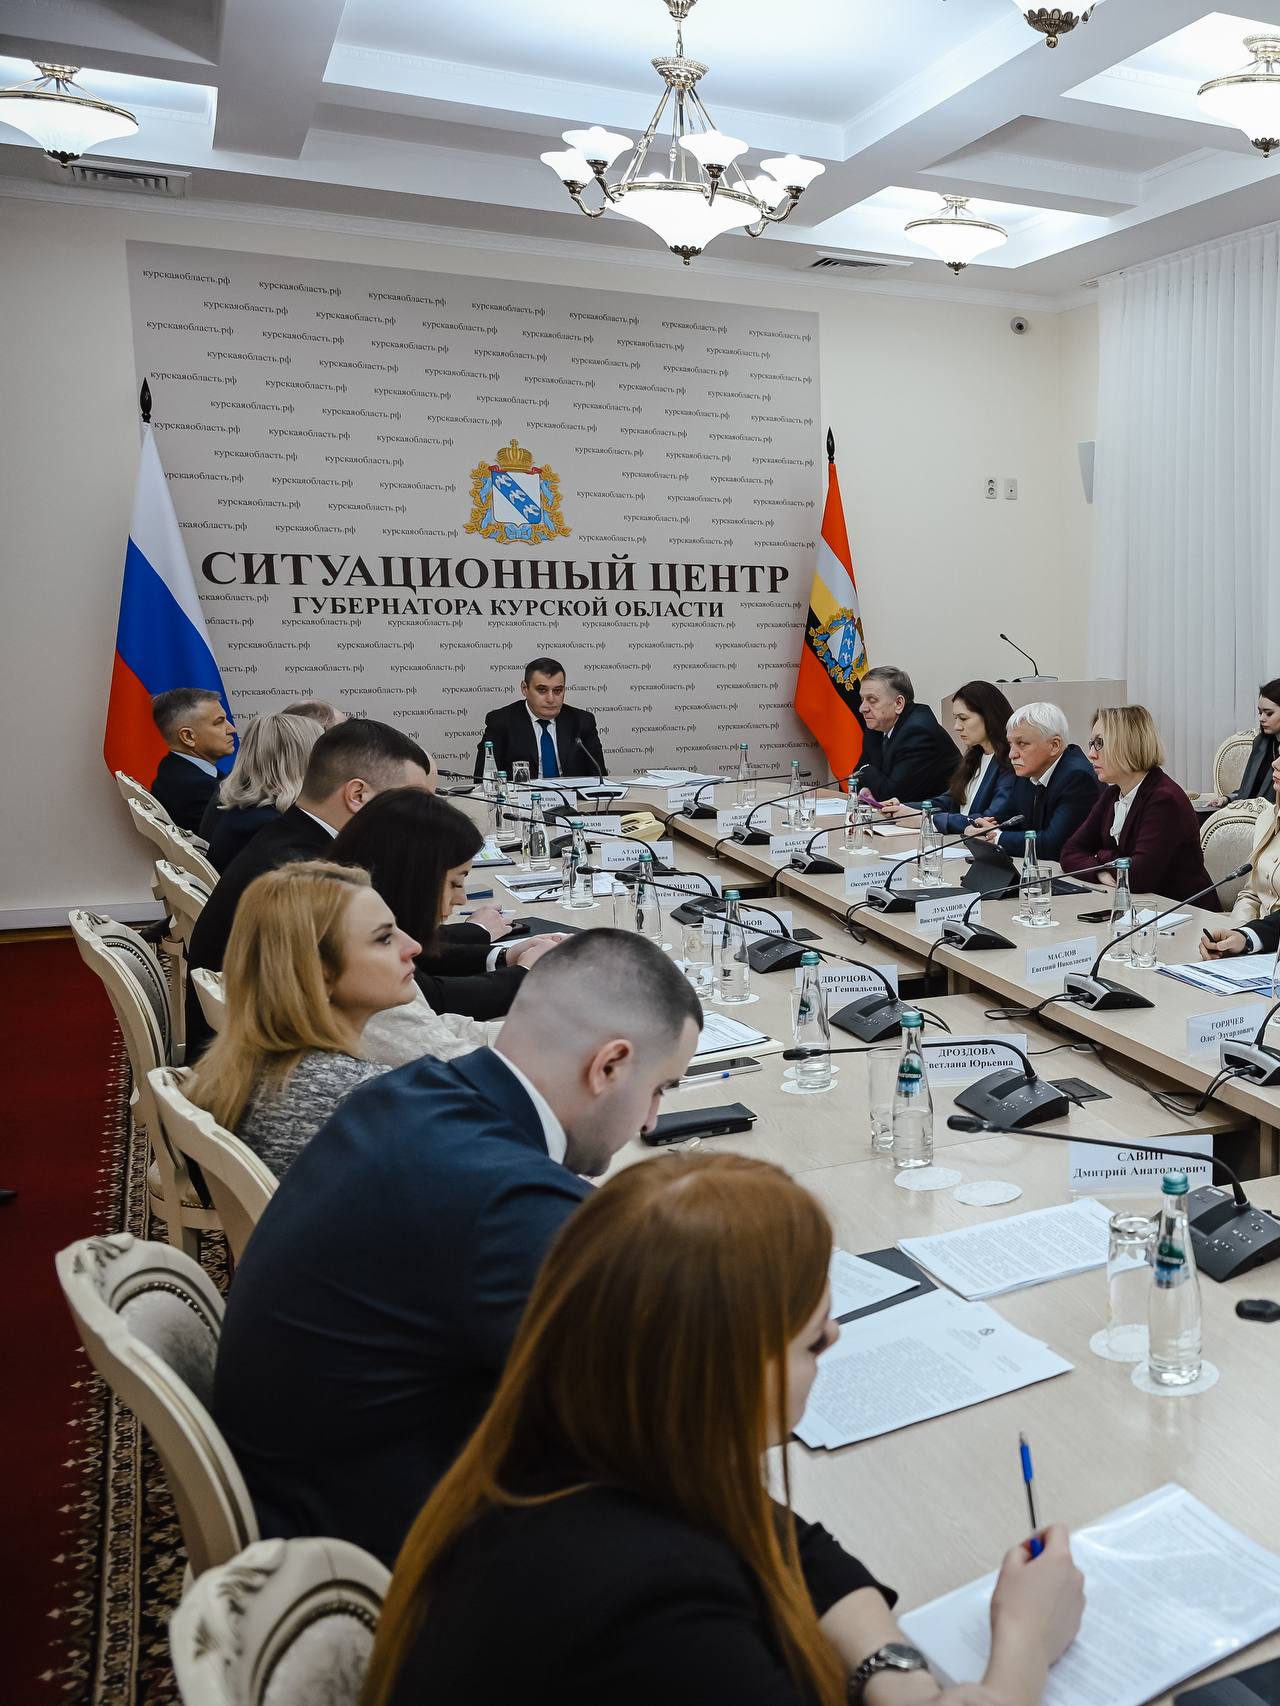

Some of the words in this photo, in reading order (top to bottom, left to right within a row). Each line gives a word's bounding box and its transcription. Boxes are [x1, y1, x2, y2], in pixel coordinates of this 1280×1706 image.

[142, 270, 231, 286] курскаяобласть.рф
[258, 281, 342, 297] курскаяобласть.рф
[368, 292, 447, 308] курскаяобласть.рф
[203, 301, 289, 316] курскаяобласть.рф
[471, 302, 546, 317] курскаяобласть.рф
[315, 311, 397, 326] курскаяобласть.рф
[569, 312, 640, 326] курскаяобласть.рф
[144, 321, 234, 336] курскаяобласть.рф
[422, 321, 498, 336] курскаяобласть.рф
[661, 321, 728, 335] курскаяобласть.рф
[262, 330, 345, 345] курскаяобласть.рф
[522, 330, 594, 344] курскаяобласть.рф
[370, 340, 449, 355] курскаяобласть.рф
[616, 339, 685, 353] курскаяобласть.рф
[207, 351, 292, 366] курскаяобласть.рф
[473, 349, 548, 363] курскаяобласть.рф
[318, 359, 399, 374] курскаяобласть.рф
[571, 357, 641, 371] курскаяобласть.рф
[150, 370, 238, 386] курскаяобласть.рф
[424, 368, 501, 382] курскаяобласть.рф
[663, 365, 729, 378] курскаяобласть.рф
[265, 379, 348, 393] курскаяобласть.рф
[524, 376, 596, 389] курскаяобласть.рф
[373, 387, 452, 401] курскаяобласть.рф
[618, 383, 687, 396] курскаяобласть.рф
[210, 400, 295, 414] курскаяобласть.рф
[476, 395, 550, 408] курскаяобласть.рф
[321, 408, 402, 421] курскаяобласть.рф
[573, 402, 643, 415] курскаяобласть.рф
[664, 408, 731, 421] курскаяобласть.рф
[153, 420, 241, 435] курскаяобласть.рф
[427, 415, 503, 427] курскаяобласть.рф
[526, 419, 598, 433] курскаяобласть.рф
[268, 428, 351, 441] курскаяобласть.рф
[620, 427, 688, 439] курскаяобласть.рф
[376, 435, 454, 447] курскаяобласть.рф
[213, 449, 298, 462] курскаяобласть.рф
[574, 446, 644, 458] курскаяобласть.рф
[665, 452, 732, 463] курскаяобласть.рф
[324, 455, 405, 468] курскаяобласть.рф
[163, 471, 245, 484] урскаяобласть.рф
[271, 476, 354, 489] курскаяобласть.рф
[621, 471, 689, 482] курскаяобласть.рф
[379, 480, 457, 493] курскаяобласть.рф
[576, 490, 646, 501] курскаяобласть.рф
[667, 494, 733, 505] курскаяобласть.рф
[217, 498, 301, 510] курскаяобласть.рф
[327, 502, 407, 515] курскаяобласть.рф
[623, 514, 691, 525] курскаяобласть.рф
[275, 524, 357, 536] курскаяобласть.рф
[381, 526, 459, 538] курскаяобласть.рф
[578, 534, 648, 544] курскаяобласть.рф
[668, 536, 734, 547] курскаяобласть.рф
[201, 551, 638, 595] СИТУАЦИОННЫЙ
[649, 563, 790, 599] ЦЕНТР
[292, 596, 483, 616] ГУБЕРНАТОРА
[491, 596, 607, 617] КУРСКОЙ
[615, 601, 725, 618] ОБЛАСТИ
[739, 600, 802, 611] курскаяобласть.рф
[281, 617, 362, 628] курскаяобласть.рф
[387, 618, 464, 629] курскаяобласть.рф
[487, 619, 560, 629] курскаяобласть.рф
[582, 619, 651, 629] курскаяобласть.рф
[227, 640, 311, 651] курскаяобласть.рф
[336, 640, 415, 651] курскаяобласть.рф
[439, 640, 513, 651] курскаяобласть.рф
[536, 640, 607, 651] курскаяобласть.рф
[628, 641, 695, 651] курскаяобласть.рф
[284, 663, 365, 674] курскаяобласть.рф
[390, 663, 466, 673] курскаяобласть.рф
[583, 661, 652, 672] курскаяобласть.рф
[672, 661, 738, 671] курскаяобласть.рф
[231, 686, 314, 698] курскаяобласть.рф
[339, 685, 418, 696] курскаяобласть.рф
[441, 684, 516, 696] курскаяобласть.рф
[716, 681, 779, 691] курскаяобласть.рф
[392, 707, 469, 719] курскаяобласть.рф
[585, 704, 653, 714] курскаяобласть.рф
[717, 721, 780, 732] курскаяобласть.рф
[675, 743, 740, 753] курскаяобласть.рф
[1047, 949, 1077, 961] МАСЛОВ
[820, 974, 873, 984] ДВОРЦОВА
[1211, 1016, 1245, 1030] ГОРЯЧЕВ
[1200, 1035, 1216, 1043] Олег
[938, 1047, 996, 1057] ДРОЗДОВА
[969, 1059, 1014, 1069] Юрьевна
[1072, 1166, 1128, 1180] Дмитрий
[1130, 1164, 1207, 1177] Анатольевич
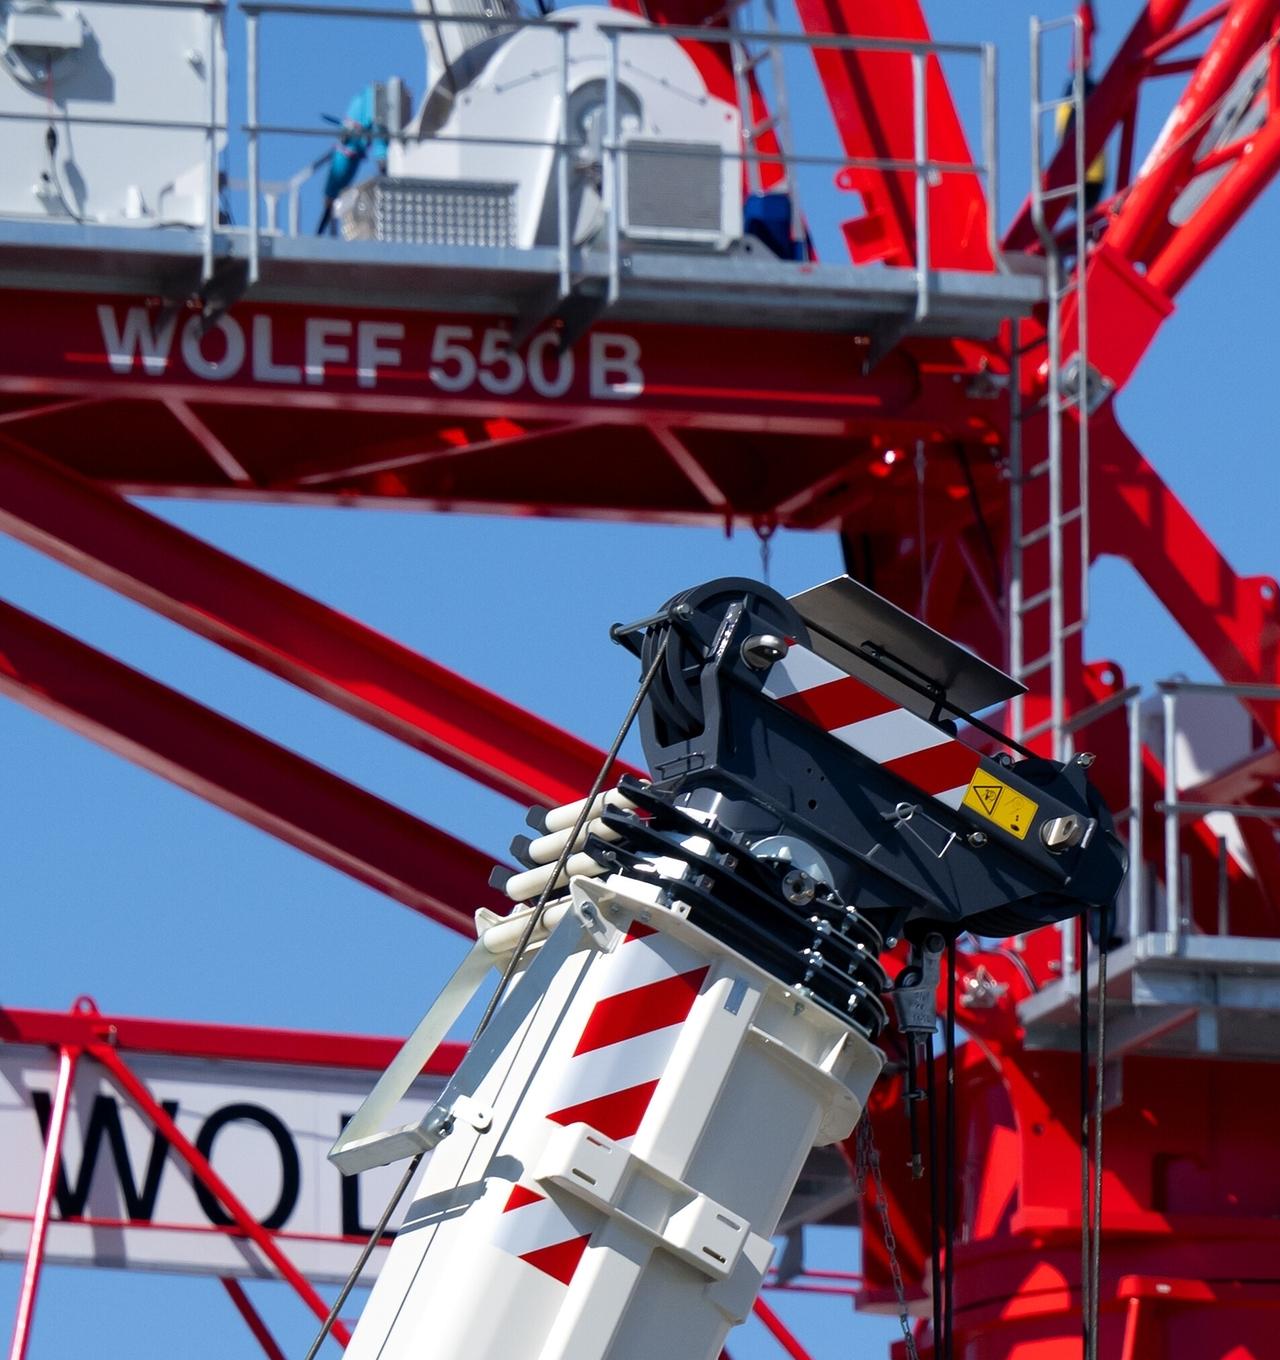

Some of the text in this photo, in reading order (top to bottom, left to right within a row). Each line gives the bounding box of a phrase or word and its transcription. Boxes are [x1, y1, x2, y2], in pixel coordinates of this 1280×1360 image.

[98, 304, 646, 399] WOLFF 550 B
------------------------------
§ **Assignment**: Output the lines above verbatim, images excluded.

§ **Exercise solution**:
Some of the words in this photo, in reading order (top to bottom, left to right within a row). Each line gives a word's bounding box and its transcription. Boxes are [x1, y1, x2, y2], in pixel coordinates of this 1280×1706 image.

[142, 270, 231, 286] курскаяобласть.рф
[258, 281, 342, 297] курскаяобласть.рф
[368, 292, 447, 308] курскаяобласть.рф
[203, 301, 289, 316] курскаяобласть.рф
[471, 302, 546, 317] курскаяобласть.рф
[315, 311, 397, 326] курскаяобласть.рф
[569, 312, 640, 326] курскаяобласть.рф
[144, 321, 234, 336] курскаяобласть.рф
[422, 321, 498, 336] курскаяобласть.рф
[661, 321, 728, 335] курскаяобласть.рф
[262, 330, 345, 345] курскаяобласть.рф
[522, 330, 594, 344] курскаяобласть.рф
[370, 340, 449, 355] курскаяобласть.рф
[616, 339, 685, 353] курскаяобласть.рф
[207, 351, 292, 366] курскаяобласть.рф
[473, 349, 548, 363] курскаяобласть.рф
[318, 359, 399, 374] курскаяобласть.рф
[571, 357, 641, 371] курскаяобласть.рф
[150, 370, 238, 386] курскаяобласть.рф
[424, 368, 501, 382] курскаяобласть.рф
[663, 365, 729, 378] курскаяобласть.рф
[265, 379, 348, 393] курскаяобласть.рф
[524, 376, 596, 389] курскаяобласть.рф
[373, 387, 452, 401] курскаяобласть.рф
[618, 383, 687, 396] курскаяобласть.рф
[210, 400, 295, 414] курскаяобласть.рф
[476, 395, 550, 408] курскаяобласть.рф
[321, 408, 402, 421] курскаяобласть.рф
[573, 402, 643, 415] курскаяобласть.рф
[664, 408, 731, 421] курскаяобласть.рф
[153, 420, 241, 435] курскаяобласть.рф
[427, 415, 503, 427] курскаяобласть.рф
[526, 419, 598, 433] курскаяобласть.рф
[268, 428, 351, 441] курскаяобласть.рф
[620, 427, 688, 439] курскаяобласть.рф
[376, 435, 454, 447] курскаяобласть.рф
[213, 449, 298, 462] курскаяобласть.рф
[574, 446, 644, 458] курскаяобласть.рф
[665, 452, 732, 463] курскаяобласть.рф
[324, 455, 405, 468] курскаяобласть.рф
[163, 471, 245, 484] урскаяобласть.рф
[271, 476, 354, 489] курскаяобласть.рф
[621, 471, 689, 482] курскаяобласть.рф
[379, 480, 457, 493] курскаяобласть.рф
[576, 490, 646, 501] курскаяобласть.рф
[667, 494, 733, 505] курскаяобласть.рф
[217, 498, 301, 510] курскаяобласть.рф
[327, 502, 407, 515] курскаяобласть.рф
[623, 514, 691, 525] курскаяобласть.рф
[275, 524, 357, 536] курскаяобласть.рф
[381, 526, 459, 538] курскаяобласть.рф
[578, 534, 648, 544] курскаяобласть.рф
[668, 536, 734, 547] курскаяобласть.рф
[201, 551, 638, 595] СИТУАЦИОННЫЙ
[649, 563, 790, 599] ЦЕНТР
[292, 596, 483, 616] ГУБЕРНАТОРА
[491, 596, 607, 617] КУРСКОЙ
[615, 601, 725, 618] ОБЛАСТИ
[739, 600, 802, 611] курскаяобласть.рф
[281, 617, 362, 628] курскаяобласть.рф
[387, 618, 464, 629] курскаяобласть.рф
[487, 619, 560, 629] курскаяобласть.рф
[582, 619, 651, 629] курскаяобласть.рф
[227, 640, 311, 651] курскаяобласть.рф
[336, 640, 415, 651] курскаяобласть.рф
[439, 640, 513, 651] курскаяобласть.рф
[536, 640, 607, 651] курскаяобласть.рф
[628, 641, 695, 651] курскаяобласть.рф
[284, 663, 365, 674] курскаяобласть.рф
[390, 663, 466, 673] курскаяобласть.рф
[583, 661, 652, 672] курскаяобласть.рф
[672, 661, 738, 671] курскаяобласть.рф
[231, 686, 314, 698] курскаяобласть.рф
[339, 685, 418, 696] курскаяобласть.рф
[441, 684, 516, 696] курскаяобласть.рф
[716, 681, 779, 691] курскаяобласть.рф
[392, 707, 469, 719] курскаяобласть.рф
[585, 704, 653, 714] курскаяобласть.рф
[717, 721, 780, 732] курскаяобласть.рф
[675, 743, 740, 753] курскаяобласть.рф
[1047, 949, 1077, 961] МАСЛОВ
[820, 974, 873, 984] ДВОРЦОВА
[1211, 1016, 1245, 1030] ГОРЯЧЕВ
[1200, 1035, 1216, 1043] Олег
[938, 1047, 996, 1057] ДРОЗДОВА
[969, 1059, 1014, 1069] Юрьевна
[1072, 1166, 1128, 1180] Дмитрий
[1130, 1164, 1207, 1177] Анатольевич

Some of the text in this photo, in reading order (top to bottom, left to right within a row). Each line gives the bounding box of a phrase or word and its transcription. Boxes are [x1, y1, x2, y2], in pixel coordinates of this 1280×1360 image.

[98, 304, 646, 399] WOLFF 550 B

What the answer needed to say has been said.